Data listing below:
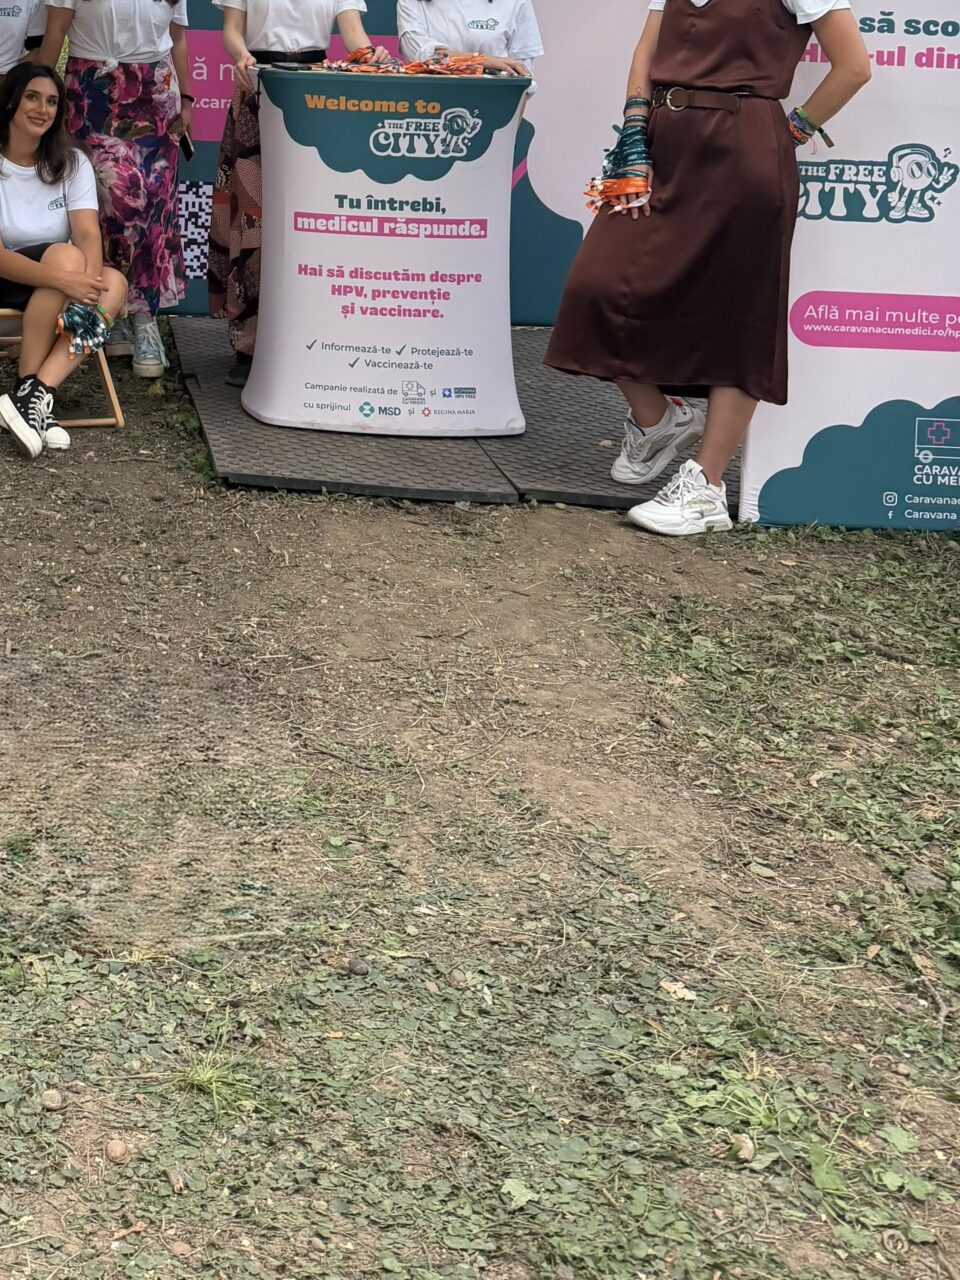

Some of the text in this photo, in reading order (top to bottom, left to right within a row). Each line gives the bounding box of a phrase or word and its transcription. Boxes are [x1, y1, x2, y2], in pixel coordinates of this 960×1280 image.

[858, 11, 960, 37] să sco
[305, 94, 441, 114] Welcome to
[387, 121, 440, 133] THE FREE
[371, 132, 440, 154] CITY
[799, 164, 887, 183] THE FREE
[334, 194, 446, 215] Tu întrebi,
[296, 215, 486, 239] medicul răspunde.
[297, 264, 482, 287] Hai să discutăm despre
[331, 284, 451, 305] HPV, prevenție
[341, 302, 444, 319] și vaccinare.
[803, 304, 839, 321] Află
[845, 307, 880, 322] mai
[885, 308, 940, 324] multe
[803, 322, 960, 339] www.caravanacumedici.ro/hp
[321, 341, 474, 359] Informează-te Protejează-te
[364, 358, 434, 371] Vaccinează-te
[304, 381, 348, 395] Campanie
[349, 385, 386, 396] realizată
[387, 387, 398, 396] de
[303, 400, 352, 412] cu sprijinul
[378, 406, 401, 417] MSD
[408, 407, 415, 417] și
[914, 465, 960, 476] CARAV
[913, 475, 960, 486] CU ME
[904, 509, 957, 520] Caravana
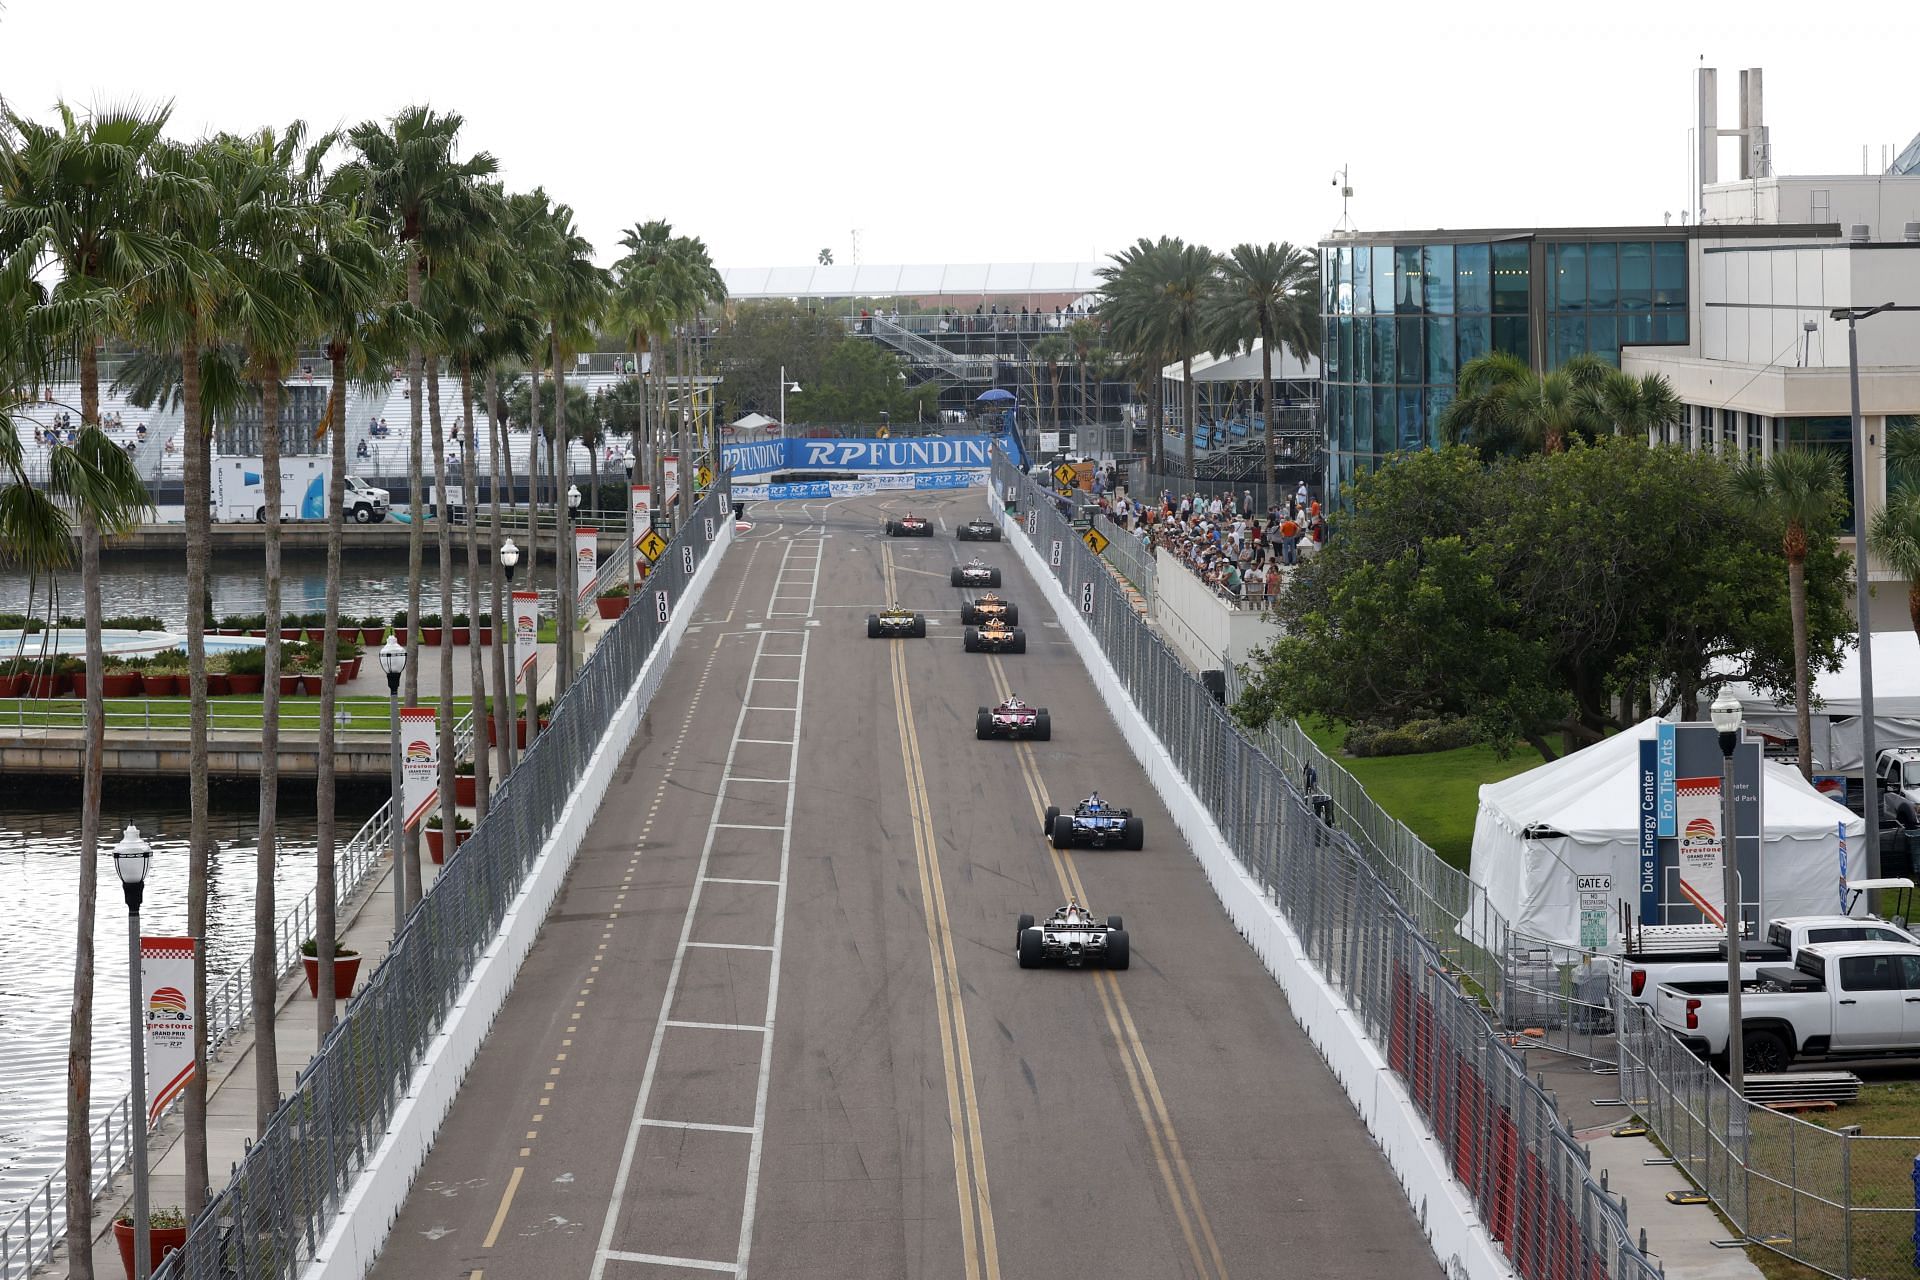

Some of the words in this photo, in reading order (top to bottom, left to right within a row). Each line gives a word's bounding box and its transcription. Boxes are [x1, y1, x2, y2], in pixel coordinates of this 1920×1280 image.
End of Data listing.
*Task to complete*
The entries are to be written out again exactly, without their pictures.

*Solution to the problem*
Some of the text in this photo, in reading order (top to bottom, left to right within a row). Each line gives the bounding box of a phrase or word and its transcription. Boxes are [x1, y1, x2, y2], in pixel coordinates of this 960×1280 image.

[858, 11, 960, 37] să sco
[305, 94, 441, 114] Welcome to
[387, 121, 440, 133] THE FREE
[371, 132, 440, 154] CITY
[799, 164, 887, 183] THE FREE
[334, 194, 446, 215] Tu întrebi,
[296, 215, 486, 239] medicul răspunde.
[297, 264, 482, 287] Hai să discutăm despre
[331, 284, 451, 305] HPV, prevenție
[341, 302, 444, 319] și vaccinare.
[803, 304, 839, 321] Află
[845, 307, 880, 322] mai
[885, 308, 940, 324] multe
[803, 322, 960, 339] www.caravanacumedici.ro/hp
[321, 341, 474, 359] Informează-te Protejează-te
[364, 358, 434, 371] Vaccinează-te
[304, 381, 348, 395] Campanie
[349, 385, 386, 396] realizată
[387, 387, 398, 396] de
[303, 400, 352, 412] cu sprijinul
[378, 406, 401, 417] MSD
[408, 407, 415, 417] și
[914, 465, 960, 476] CARAV
[913, 475, 960, 486] CU ME
[904, 509, 957, 520] Caravana

Some of the words in this photo, in reading order (top to bottom, left to right within a row). Each line gives a word's bounding box and its transcription. Boxes are [x1, y1, x2, y2], in pixel coordinates of this 1920×1280 image.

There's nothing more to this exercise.